Task to complete:
All of the records must come back exactly. Please repeat them in full.

Source records:
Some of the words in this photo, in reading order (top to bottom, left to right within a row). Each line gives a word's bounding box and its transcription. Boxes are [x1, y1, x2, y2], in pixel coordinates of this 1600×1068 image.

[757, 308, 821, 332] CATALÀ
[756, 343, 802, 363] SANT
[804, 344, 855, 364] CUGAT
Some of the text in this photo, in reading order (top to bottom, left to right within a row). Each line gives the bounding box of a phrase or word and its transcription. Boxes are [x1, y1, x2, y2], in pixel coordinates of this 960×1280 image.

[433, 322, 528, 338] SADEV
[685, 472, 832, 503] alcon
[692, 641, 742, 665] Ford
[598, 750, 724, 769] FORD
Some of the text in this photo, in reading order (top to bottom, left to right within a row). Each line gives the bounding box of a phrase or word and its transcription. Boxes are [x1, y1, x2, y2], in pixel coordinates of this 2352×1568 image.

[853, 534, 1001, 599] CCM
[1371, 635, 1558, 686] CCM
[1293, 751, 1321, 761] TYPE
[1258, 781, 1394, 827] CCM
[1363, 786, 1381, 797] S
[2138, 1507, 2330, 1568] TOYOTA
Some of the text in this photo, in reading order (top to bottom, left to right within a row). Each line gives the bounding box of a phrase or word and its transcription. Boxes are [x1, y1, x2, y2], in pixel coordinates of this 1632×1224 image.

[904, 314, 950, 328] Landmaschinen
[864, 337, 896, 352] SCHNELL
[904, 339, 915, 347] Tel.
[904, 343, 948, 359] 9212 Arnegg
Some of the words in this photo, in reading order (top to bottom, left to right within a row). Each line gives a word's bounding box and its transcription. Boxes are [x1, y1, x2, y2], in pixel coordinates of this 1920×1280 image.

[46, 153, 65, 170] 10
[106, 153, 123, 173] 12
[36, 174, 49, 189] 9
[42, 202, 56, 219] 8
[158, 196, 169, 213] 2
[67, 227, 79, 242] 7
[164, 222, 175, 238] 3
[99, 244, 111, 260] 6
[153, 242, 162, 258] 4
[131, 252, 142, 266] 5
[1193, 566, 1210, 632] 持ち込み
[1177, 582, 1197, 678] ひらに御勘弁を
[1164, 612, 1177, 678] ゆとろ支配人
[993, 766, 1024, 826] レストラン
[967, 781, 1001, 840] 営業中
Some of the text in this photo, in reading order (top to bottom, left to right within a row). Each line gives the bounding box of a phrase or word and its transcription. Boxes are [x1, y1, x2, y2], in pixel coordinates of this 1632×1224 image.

Task result:
Some of the words in this photo, in reading order (top to bottom, left to right within a row). Each line gives a word's bounding box and its transcription. Boxes are [x1, y1, x2, y2], in pixel coordinates of this 1600×1068 image.

[757, 308, 821, 332] CATALÀ
[756, 343, 802, 363] SANT
[804, 344, 855, 364] CUGAT
Some of the text in this photo, in reading order (top to bottom, left to right within a row). Each line gives the bounding box of a phrase or word and its transcription. Boxes are [x1, y1, x2, y2], in pixel coordinates of this 960×1280 image.

[433, 322, 528, 338] SADEV
[685, 472, 832, 503] alcon
[692, 641, 742, 665] Ford
[598, 750, 724, 769] FORD
Some of the text in this photo, in reading order (top to bottom, left to right within a row). Each line gives the bounding box of a phrase or word and its transcription. Boxes are [x1, y1, x2, y2], in pixel coordinates of this 2352×1568 image.

[853, 534, 1001, 599] CCM
[1371, 635, 1558, 686] CCM
[1293, 751, 1321, 761] TYPE
[1258, 781, 1394, 827] CCM
[1363, 786, 1381, 797] S
[2138, 1507, 2330, 1568] TOYOTA
Some of the text in this photo, in reading order (top to bottom, left to right within a row). Each line gives the bounding box of a phrase or word and its transcription. Boxes are [x1, y1, x2, y2], in pixel coordinates of this 1632×1224 image.

[904, 314, 950, 328] Landmaschinen
[864, 337, 896, 352] SCHNELL
[904, 339, 915, 347] Tel.
[904, 343, 948, 359] 9212 Arnegg
Some of the words in this photo, in reading order (top to bottom, left to right within a row). Each line gives a word's bounding box and its transcription. Boxes are [x1, y1, x2, y2], in pixel coordinates of this 1920×1280 image.

[46, 153, 65, 170] 10
[106, 153, 123, 173] 12
[36, 174, 49, 189] 9
[42, 202, 56, 219] 8
[158, 196, 169, 213] 2
[67, 227, 79, 242] 7
[164, 222, 175, 238] 3
[99, 244, 111, 260] 6
[153, 242, 162, 258] 4
[131, 252, 142, 266] 5
[1193, 566, 1210, 632] 持ち込み
[1177, 582, 1197, 678] ひらに御勘弁を
[1164, 612, 1177, 678] ゆとろ支配人
[993, 766, 1024, 826] レストラン
[967, 781, 1001, 840] 営業中
Some of the text in this photo, in reading order (top to bottom, left to right within a row). Each line gives the bounding box of a phrase or word and its transcription. Boxes are [x1, y1, x2, y2], in pixel coordinates of this 1632×1224 image.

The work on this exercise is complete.